There is a range that is tested to what is considered just or evil, to the point where it is the villain that must wash away the sins of the city at the end, quite literally, in the metaphor of water flooding through Gotham. It is worth examining that Reeves’ version of Martha Wayne is also described to have a history with Arkham Asylum, opening up other possibilities and layers to our existing protagonist. The commentary behind institutional corruption destroying society can allude to Director Todd Philips standalone origin story, “Joker.” We may feel remorse, anger, or disgust behind different things throughout the film, but everyone’s interpretation of what exactly disturbs them about the film is different. Is it that the system breeds these kinds of broken, unhinged individuals left with nothing but the desire to commit heinous crimes and inflict pain on others? Or that no one is listening to the issue that raises these problems, to begin with, to have prevented it?
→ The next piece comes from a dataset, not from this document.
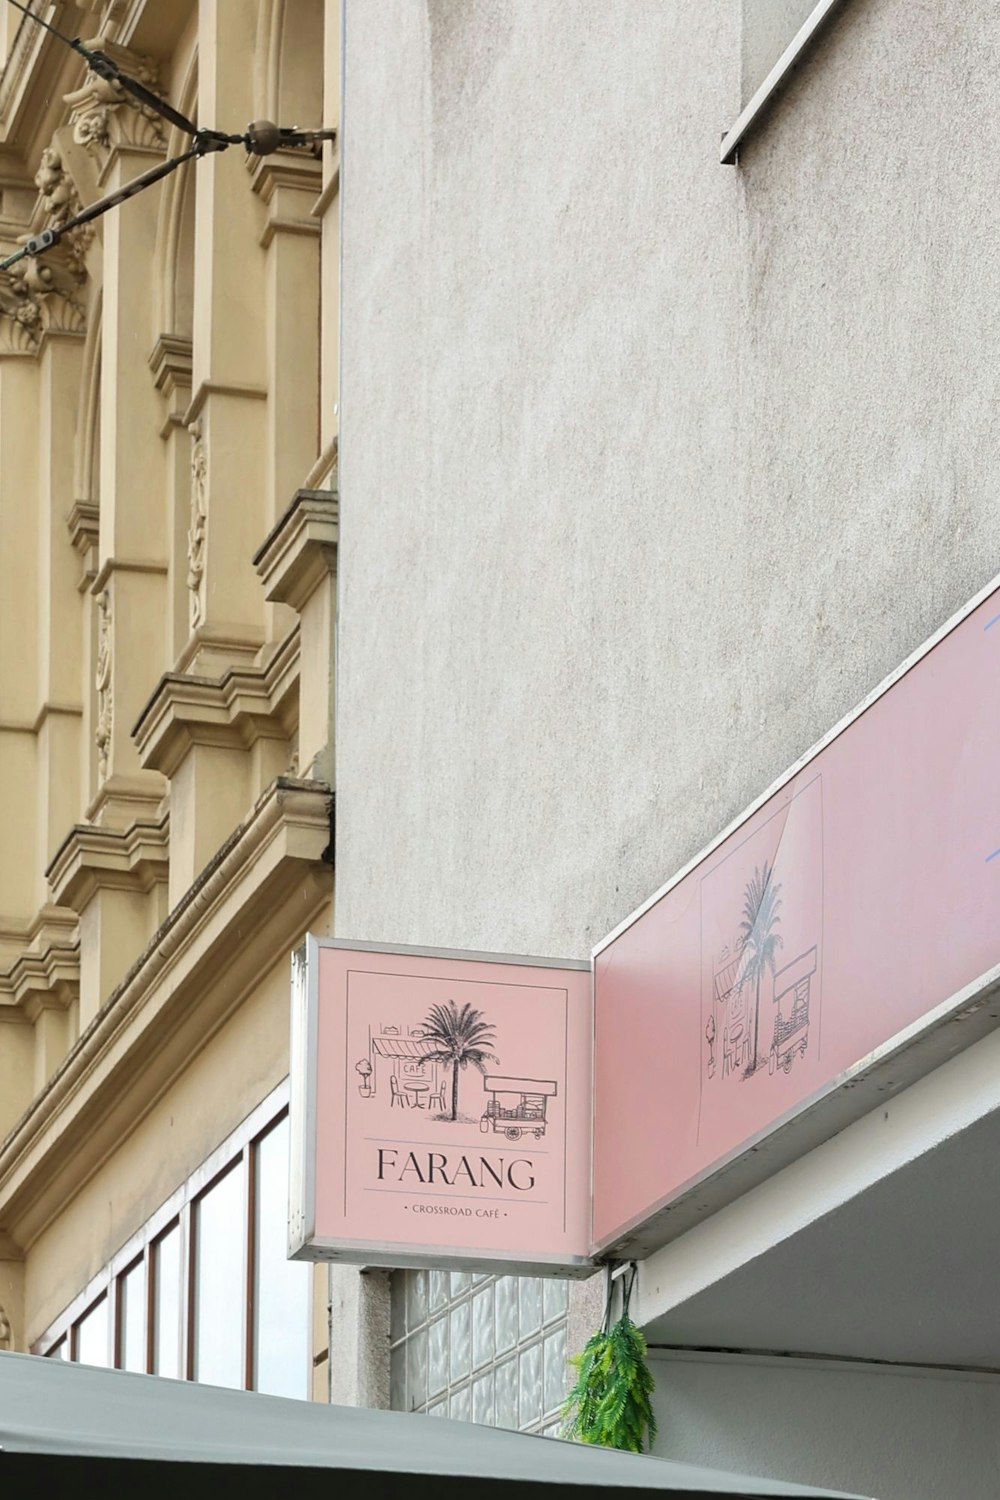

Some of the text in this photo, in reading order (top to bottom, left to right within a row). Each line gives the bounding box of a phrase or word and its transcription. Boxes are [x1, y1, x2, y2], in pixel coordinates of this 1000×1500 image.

[376, 1148, 535, 1191] FARANG
[412, 1204, 499, 1219] CROSSROAD CAFÉ
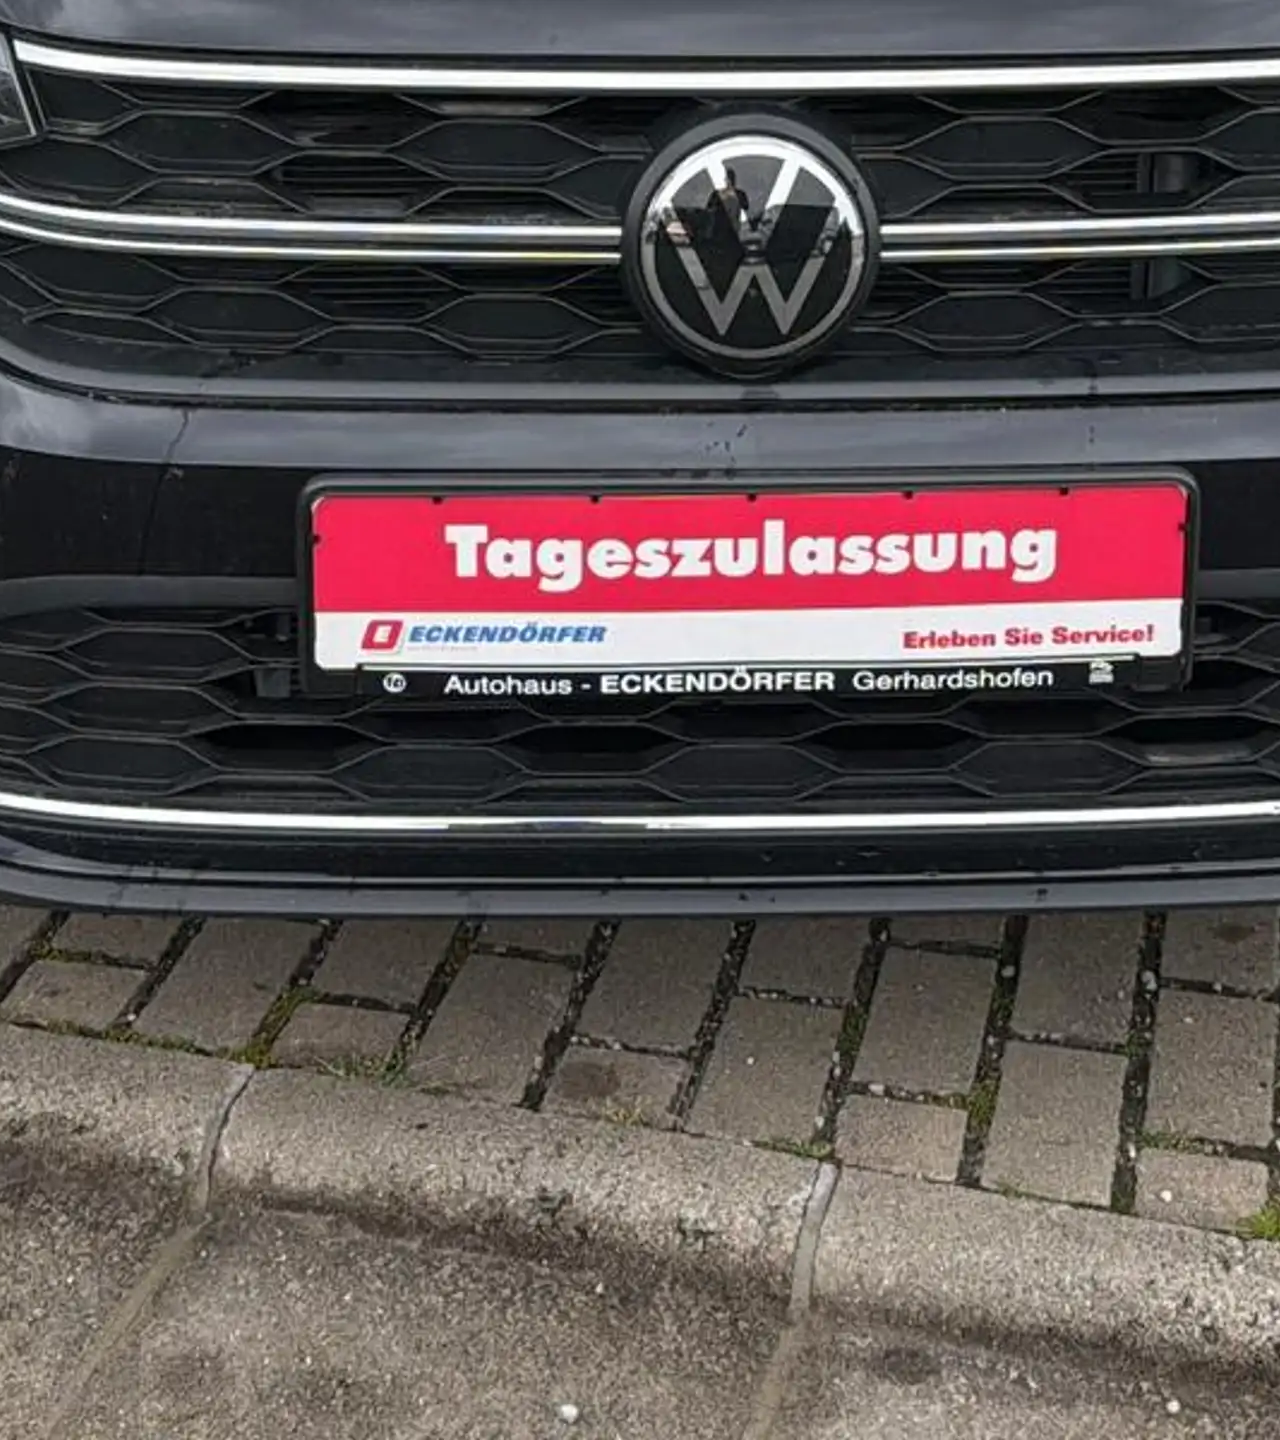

It is our Batman that must make the choice, to step out of the shadows and “into the light” to differentiate himself, to change. Because existing outside of the mask requires him to confront the difficult realities of his past and why the city needs someone like him. But he couldn’t do it alone. Selina Kyle (Zoe Kravitz) allows him to tap into his declining humanity as Catwoman. Her own need for vengeance made him realize he wasn’t the only one living in anguish as a result of Gotham’s corrupted leaders. Or even their “sins of the father.”
While it was The Riddler that inflicted the chaos, it is Batman that ultimately comes to disrupt it. The visual metaphor of “out of darkness, into the light” really displays itself at the end, with the fire he lights to guide the leaders out of the rubble. Both our villain and vigilante may have both felt darkness as a consequence of Gotham’s corruption, but they lie on opposite ends of the same spectrum. Perhaps that is why one kid only had half of a face painted amongst the fully face painted subway gang at the beginning of the film on Halloween. Or perhaps there is a subtle implication of the next villain, Two-Face, to be written. It can even allude to why the mayor’s son had been recurring in this Batman’s narrative, as it opens speculation for fans with a possible origin of Robin. Perhaps Reeves wanted to explore the possibility that there is always room for change within the darkness, but the spectrum of what defines morality is incredibly vast.
So, who is el rata alada? Or the half-painted subway member recruit? The mayor’s son? I guess we will have to wait to find out.